Exercise brief: What is needed is the full set of records, word for word, with no pictures.

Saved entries
○ ○ ○
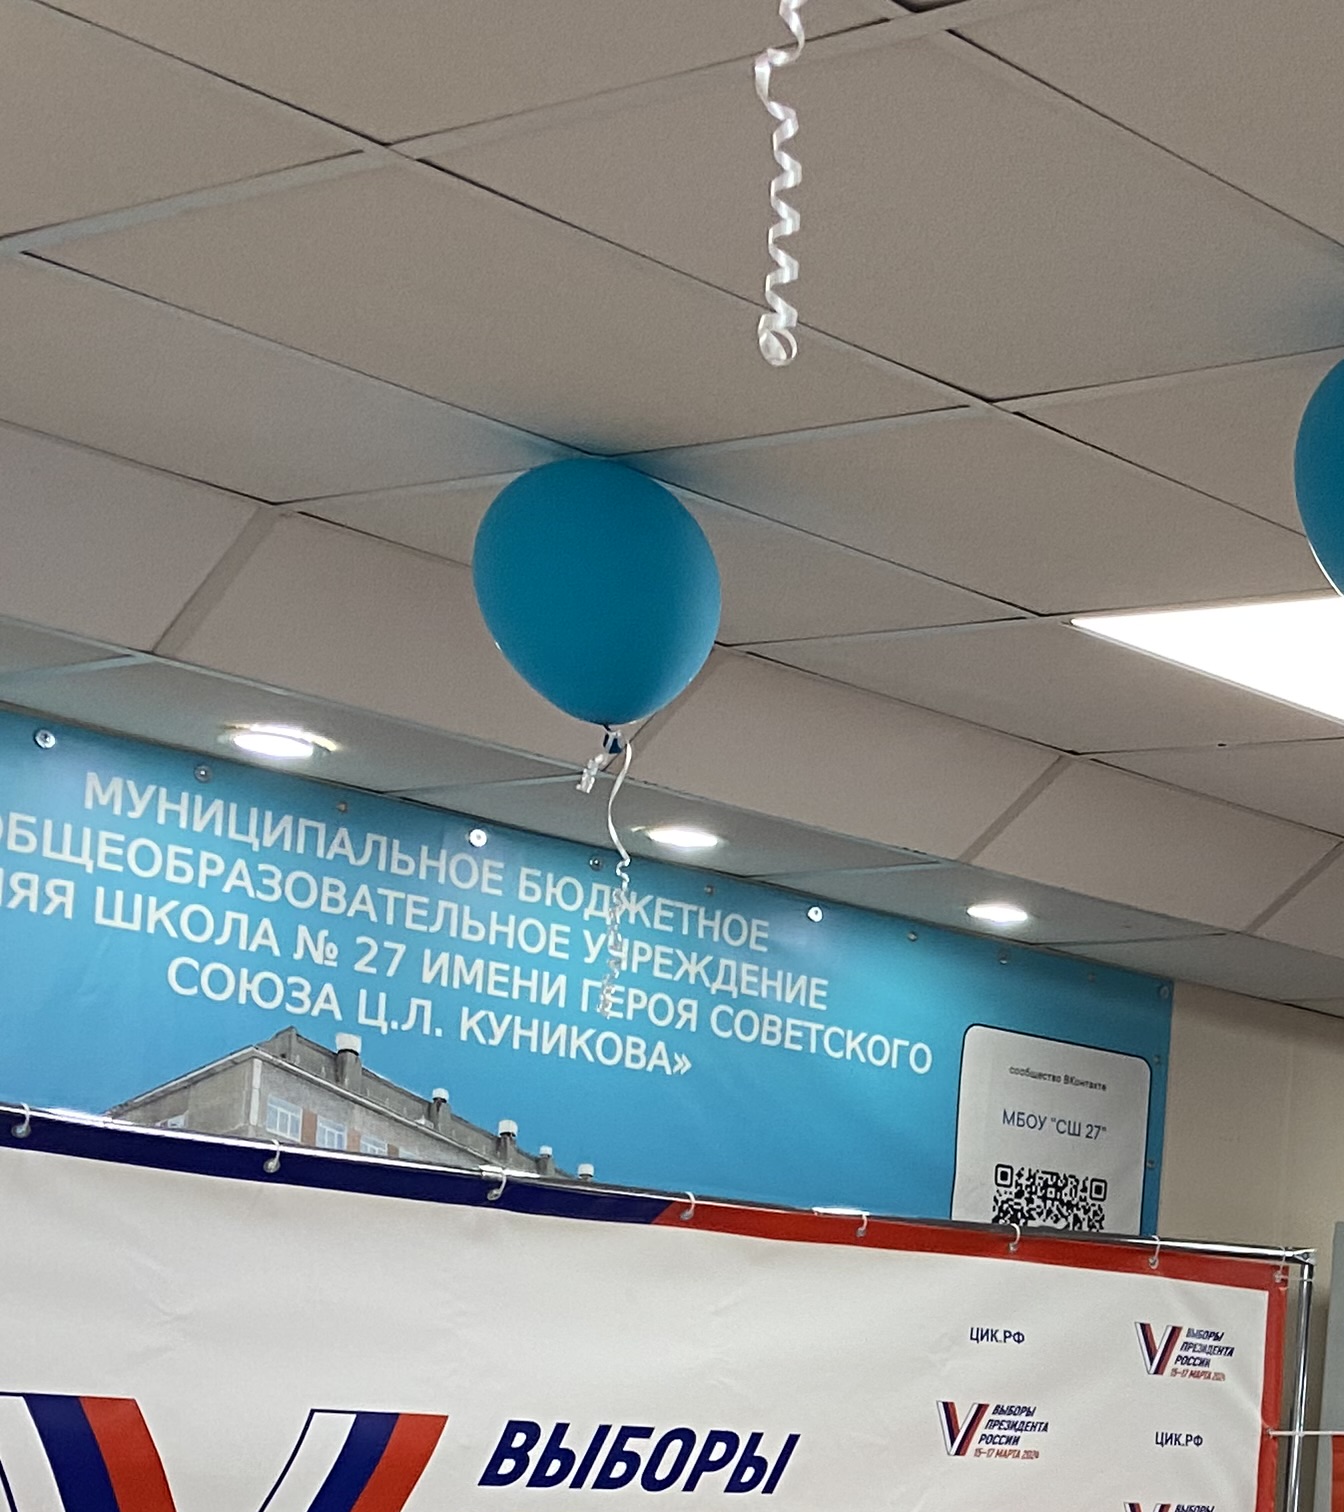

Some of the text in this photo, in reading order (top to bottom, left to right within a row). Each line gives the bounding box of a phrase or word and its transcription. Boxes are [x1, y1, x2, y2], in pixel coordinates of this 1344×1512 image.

[85, 771, 770, 953] МУНИЦИПАЛЬНОЕ БЮДЖЕТНОЕ
[0, 812, 829, 1010] БЩЕОБРАЗОВАТЕЛЬНОЕ УЧРЕЖДЕНИЕ
[0, 869, 934, 1076] ЯЯ ШКОЛА № 27 ИМЕНИ ГЕРОЯ СОВЕТСКОГО
[166, 955, 693, 1078] СОЮЗА Ц.Л. КУНИКОВА»
[1009, 1065, 1061, 1084] сообщество
[1002, 1109, 1107, 1140] МБОУ "СШ 27"
[970, 1327, 1025, 1344] ЦИК.РФ
[1186, 1327, 1224, 1341] ВЫБОРЫ
[1180, 1341, 1235, 1357] ПРЕЗИДЕНТА
[1174, 1355, 1210, 1368] РОССИИ
[992, 1404, 1036, 1417] ВЫБОРЫ
[985, 1419, 1048, 1433] ПРЕЗИДЕНТА
[978, 1434, 1020, 1446] РОССИИ
[1155, 1432, 1203, 1447] ЦИК.РФ
[478, 1419, 801, 1494] ВЫБОРЫ
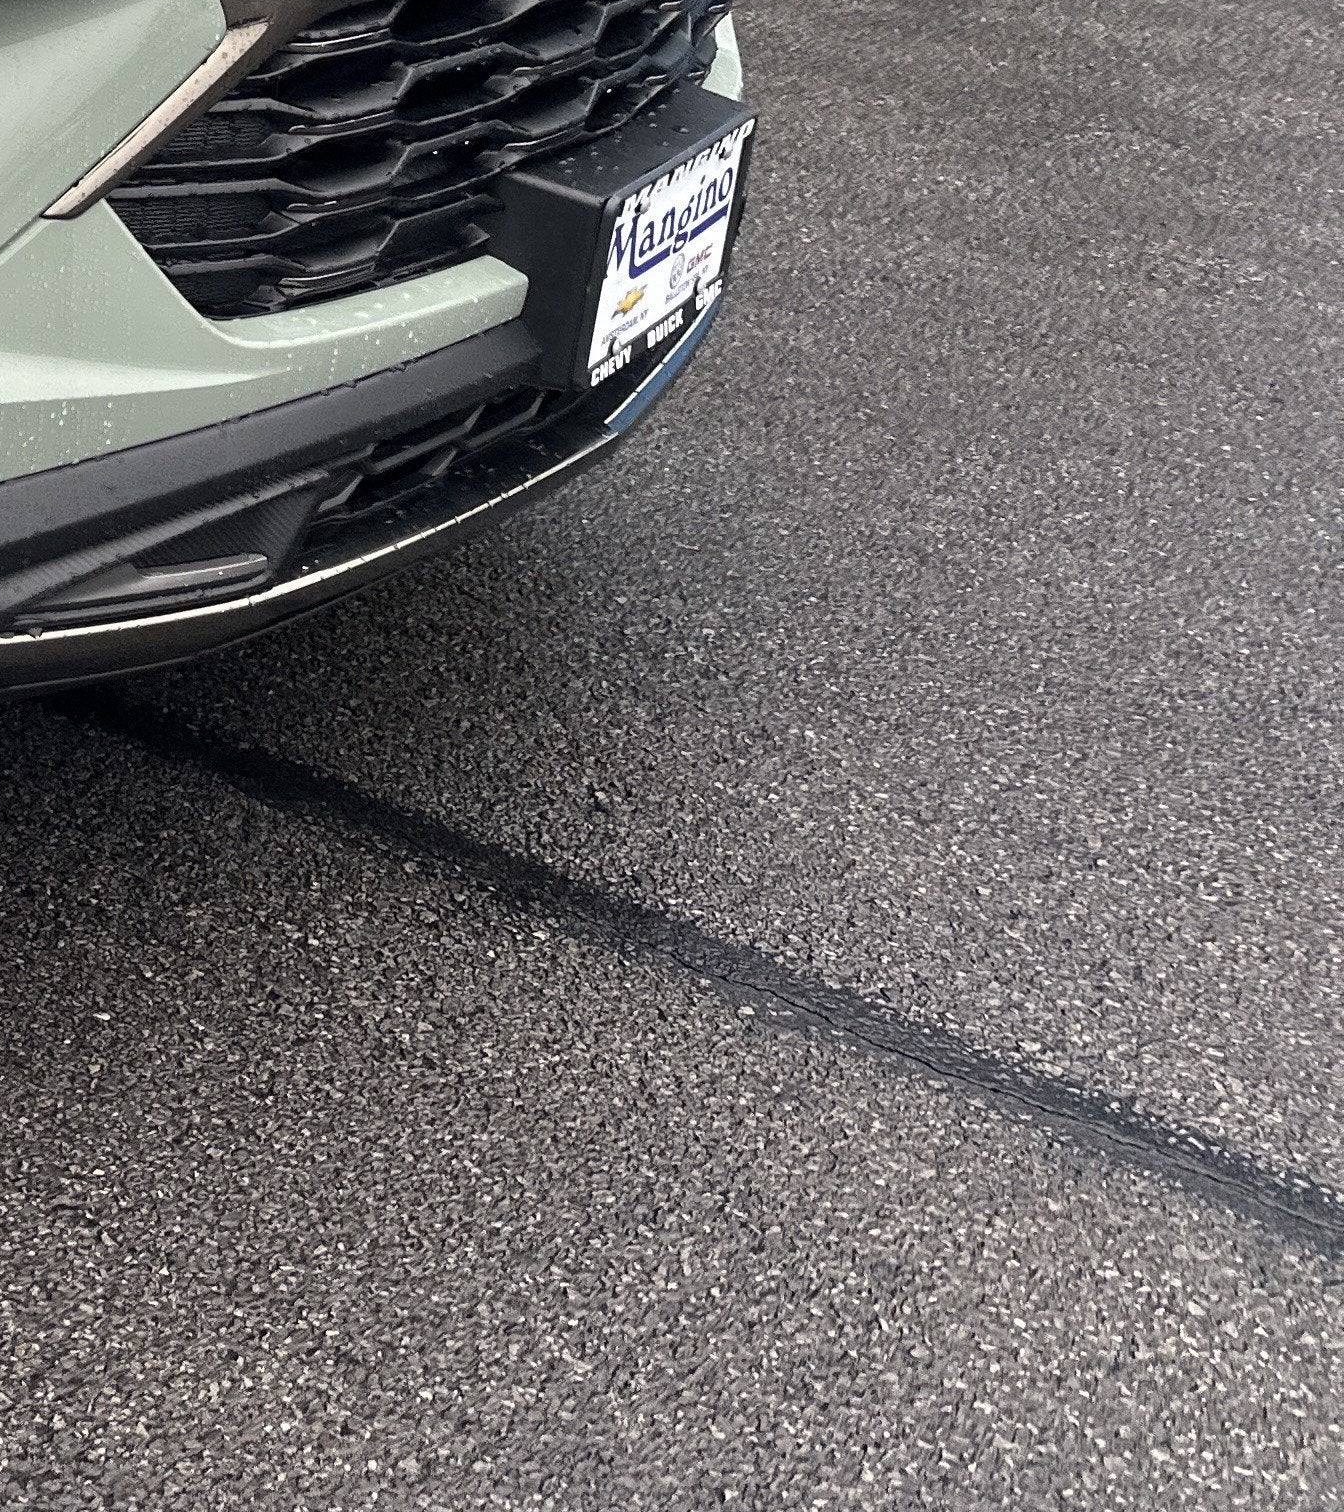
○ ○ ○
Written answer:
Some of the text in this photo, in reading order (top to bottom, left to right within a row). Each line gives the bounding box of a phrase or word and its transcription. Boxes are [x1, y1, x2, y2], in pixel coordinates of this 1344×1512 image.

[85, 771, 770, 953] МУНИЦИПАЛЬНОЕ БЮДЖЕТНОЕ
[0, 812, 829, 1010] БЩЕОБРАЗОВАТЕЛЬНОЕ УЧРЕЖДЕНИЕ
[0, 869, 934, 1076] ЯЯ ШКОЛА № 27 ИМЕНИ ГЕРОЯ СОВЕТСКОГО
[166, 955, 693, 1078] СОЮЗА Ц.Л. КУНИКОВА»
[1009, 1065, 1061, 1084] сообщество
[1002, 1109, 1107, 1140] МБОУ "СШ 27"
[970, 1327, 1025, 1344] ЦИК.РФ
[1186, 1327, 1224, 1341] ВЫБОРЫ
[1180, 1341, 1235, 1357] ПРЕЗИДЕНТА
[1174, 1355, 1210, 1368] РОССИИ
[992, 1404, 1036, 1417] ВЫБОРЫ
[985, 1419, 1048, 1433] ПРЕЗИДЕНТА
[978, 1434, 1020, 1446] РОССИИ
[1155, 1432, 1203, 1447] ЦИК.РФ
[478, 1419, 801, 1494] ВЫБОРЫ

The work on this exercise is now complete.